Tout ça avec dans l'idée que notre moteur ne pousse
plus beaucoup et qu'il n'est de taille à lutter ni contre
un vent fort, ni contre des vagues de face, sans l'aide des
voiles !
Tous ces calculs faits, nous décidons d'essayer. Le vent
ne s'époumone plus en continu mais en rafales fortes.
Jean Paul prépare le génois à gauche, le
foc à droite pour avoir le choix selon la force du vent.
Et nous voilà partis... Non sans difficulté !
Grand-voile seule à un ris et le moteur qui fait gagner
un noeud environ... Au près, en tirant des bords vers
la pointe nord d'Unije, le vent dans le nez, violent, jusqu'à
29 noeuds dans les bourrasques, les vagues qui balaient le pont,
gouttelettes de sel qui nous collent au visage.
Plus d'une heure et demie pour gagner quatre malheureux milles...
Je soupçonne que Jean Paul abandonnerait volontiers,
pourtant je tiens bon, avec un moment de découragement
quand après avoir dépassé un îlot
et deux caps, apparaît au loin — trop loin —
le feu nord d'Unije. C'est parce qu'il est logique de penser
qu'après ce feu, la position des vagues sera moins désagréable,
que je m'oblige intérieurement à m'accrocher jusque
là, pour voir au moins, ce que ça donnera après.
Peu avant le cap, le vent baisse d'un ton, Jean Paul envoie
alors le petit foc pour avancer plus vite. La voilà enfin
cette extrémité de l'île, nous virons au
285 et le miracle s'accomplit, la mer est moins violente, le
vent passe aux trois-quarts arrière ! Ouf ! On va pouvoir
traverser. Bientôt, nous larguons le ris pour récupérer
toute la grand-voile, nous coupons le moteur pour l'économiser
(espérant préserver jusqu'à Grado, la petite
aide qu'il nous apporte), et plus loin, remplaçons le
foc par le génois. La mer est creuse, mais les embruns,
dans ce sens, ne nous mouillent plus et nous avançons
à 4 ou 4,5 noeuds.
A environ 6 milles du cap Kamenjak, le vent tombe et tourne
au nord-ouest. Nous revoilà au près mais avec
à peine un souffle de vent ! Le moteur relancé
nous permet tout juste d'atteindre 2,8 noeuds, c'est terriblement
long. Après le Cap, il restera encore 8 milles pour Pula
!
Alors que la nuit tombe (il est 21 heures), nous entrons dans
la baie de Pula et mouillons près d'un quai abandonné
(le même qu'au début des vacances), ce qui nous
permet de descendre nous dégourdir les jambes, car depuis
Pirovac, le 3 août, on a juste fait une escale à
terre à Mali Losinj.
On ne voit pas grand chose du paysage, car il fait nuit noire
sous les arbres, mais ça défoule quand même,
cette petite marche !
La lune redevenue presque entière veille sur nous, très
fatigués, ce soir.
Jeudi 11 août
Après une nuit froide, où nous avons clos entièrement
le bateau, pour conserver un peu de chaleur, nous sommes en
route dès 8 h 15, car nous aimerions nous arrêter
à Porec à 23 milles environ, mais sans vent il
nous faudra au moins neuf heures avec notre moteur poussif.

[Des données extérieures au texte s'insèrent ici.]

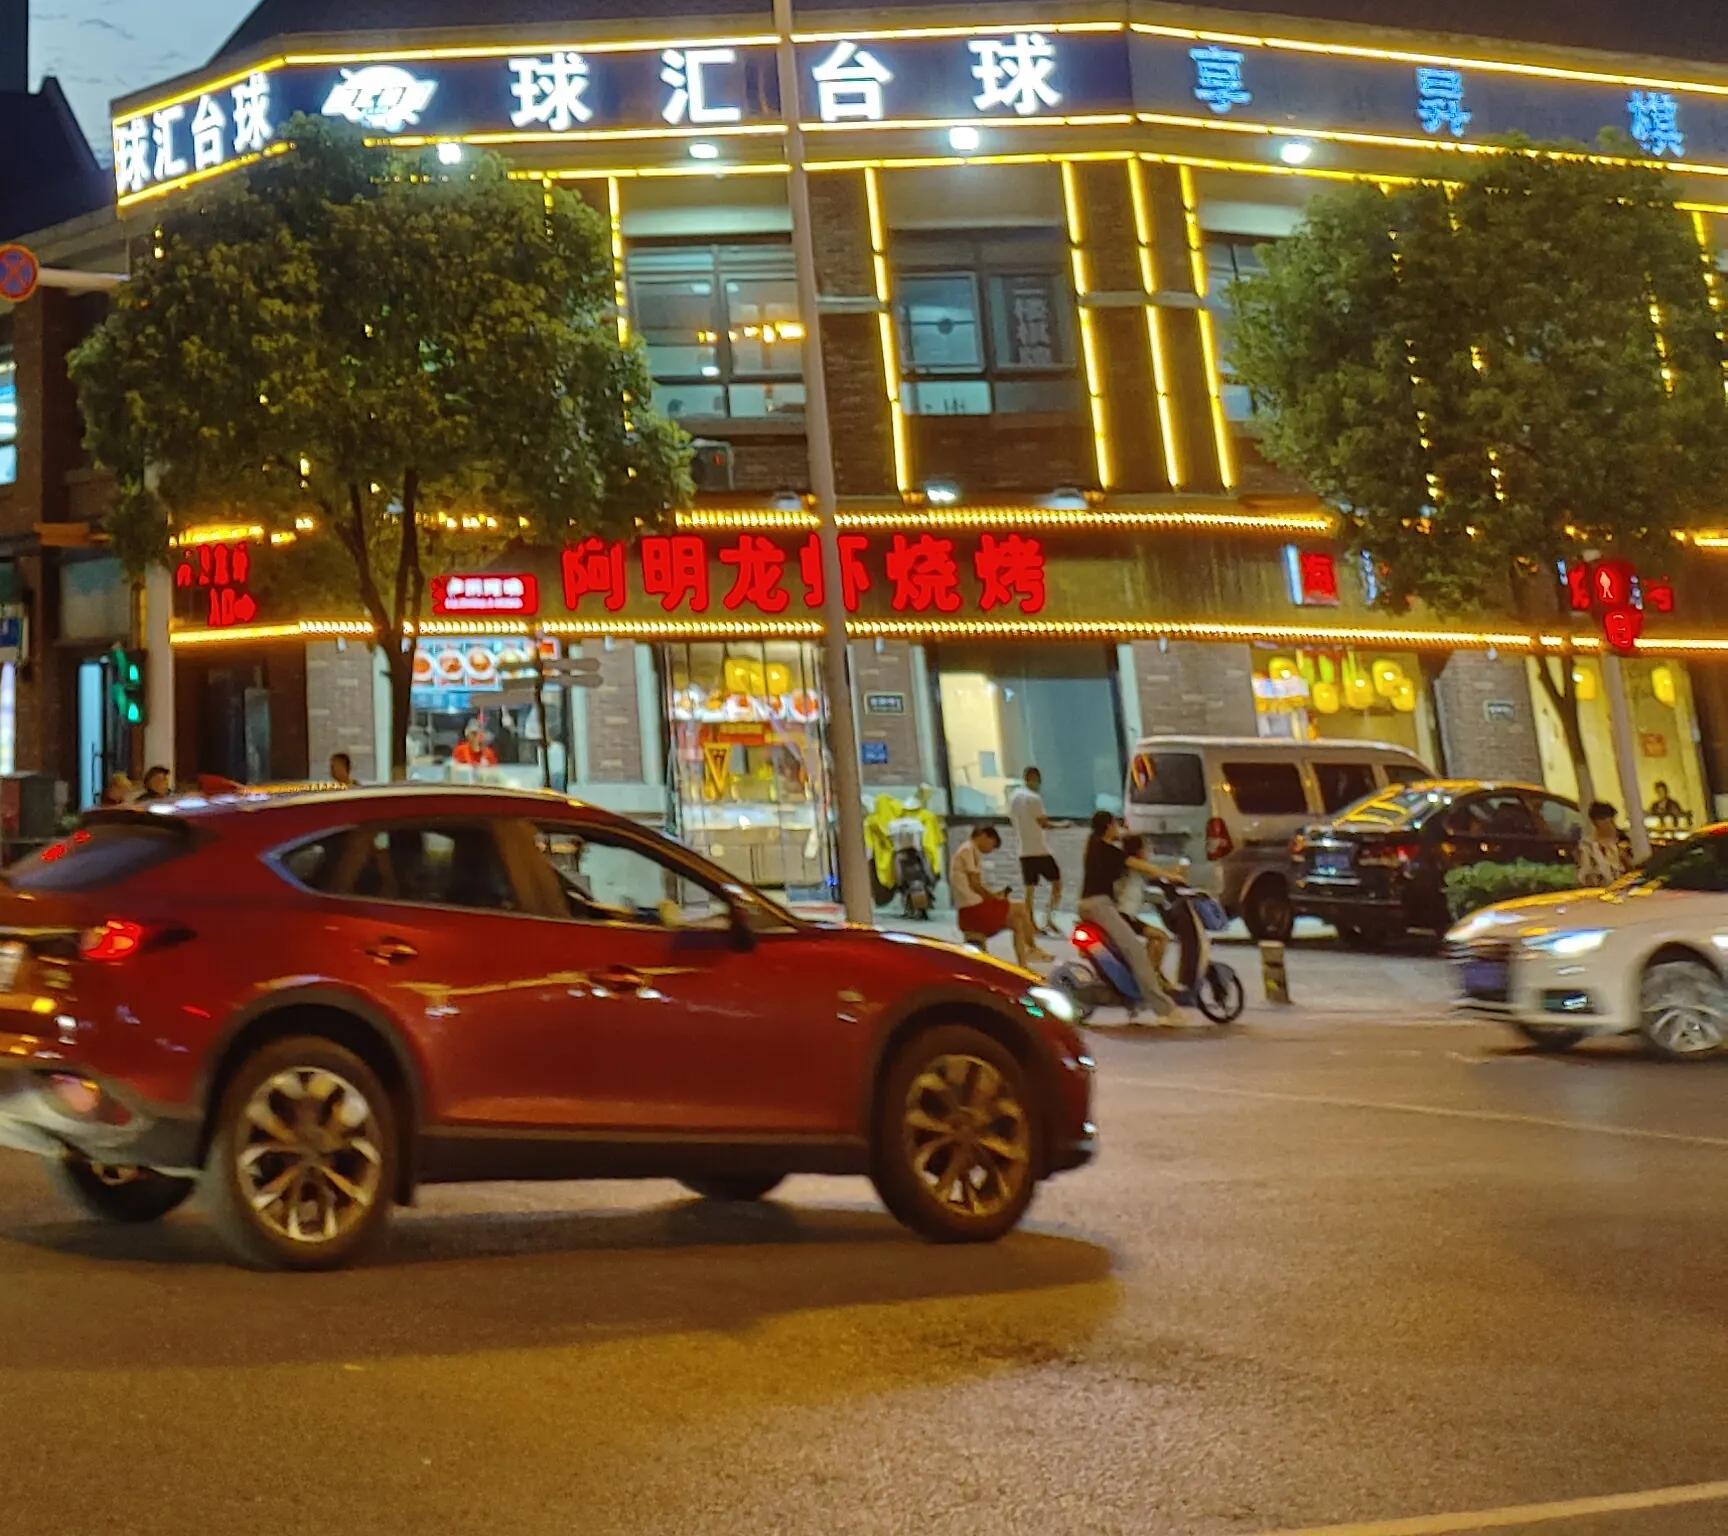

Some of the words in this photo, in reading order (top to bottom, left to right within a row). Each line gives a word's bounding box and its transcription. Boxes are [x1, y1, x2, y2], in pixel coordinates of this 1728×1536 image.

Or Porec est une escale très prisée et il est
conseillé de s'y trouver en début d'après-midi,
pour avoir une place. On verra bien ! Si par chance, le vent
se levait — pas trop fort — ce serait bien !
Et bien, non, la chance n'est pas au rendez-vous. Partis avec
rien de vent, quand il se lève il est devant nous et
plutôt fort évidemment. Une vraie étape
de galère... à tirer des bords carrés au
près, dans une mer bouillonnante à cause de centaines
de bateaux à moteur qui croisent dans tous les sens,
nous coupant la route, rasant nos deux bords, au milieu des
écueils disséminés partout et à
peine visibles, des scooters de mer, pédalos et nageurs
autour de chaque îlot... Jean Paul maudit je ne sais qui,
je ne sais quoi et reçoit finalement un coup de bôme
sur la tête. Ça n'en finit pas cette étape,
le soleil nous cuit, mais en même temps il fait froid
avec ce vent fort, on est bousculé dans tous les sens,
on vire de bord sans arrêt, pour passer chaque cap, chaque
rocher et le bateau ne remonte pas dans ce vent frais, avec
ses deux voiles bordées à mort et le moteur récalcitrant.
Quand nous arrivons enfin à Porec, il faut abattre grand-voile
et génois au dernier moment, sinon le moteur ne suffirait
pas d'autant plus que maintenant, quand on le ralentit, il cale.
Après plusieurs redémarrages,
on est presque arrivés au quai, et voilà qu'on
nous refoule... Complet ! Pourtant, il reste de la place. A
la marina voisine, c'est pareil, le moteur cale sans cesse,
n'arrive pas à franchir le lit du vent, un énorme
voilier bien plus manoeuvrant que nous, refuse de s'écarter
et le moteur cale encore et encore. Pour finir, on nous demande
de partir, faute de place. Restent des corps morts dehors, où
on va payer pour être ballottés comme en pleine
mer ! Ras l'bol ! Fatigue !
Aller à Novigrad, c'est encore 6 ou 7 milles dans les
mêmes conditions que précédemment, soient
deux à trois heures de mer, je n'en peux plus... Jean
Paul propose alors de retourner d'un mille en arrière
jusqu'à la marine Zelena Laguna que nous atteignons à
17 heures.
Partis depuis 8 heures ce matin, nous avons navigué 28,5
milles pour une distance réelle de 23 milles.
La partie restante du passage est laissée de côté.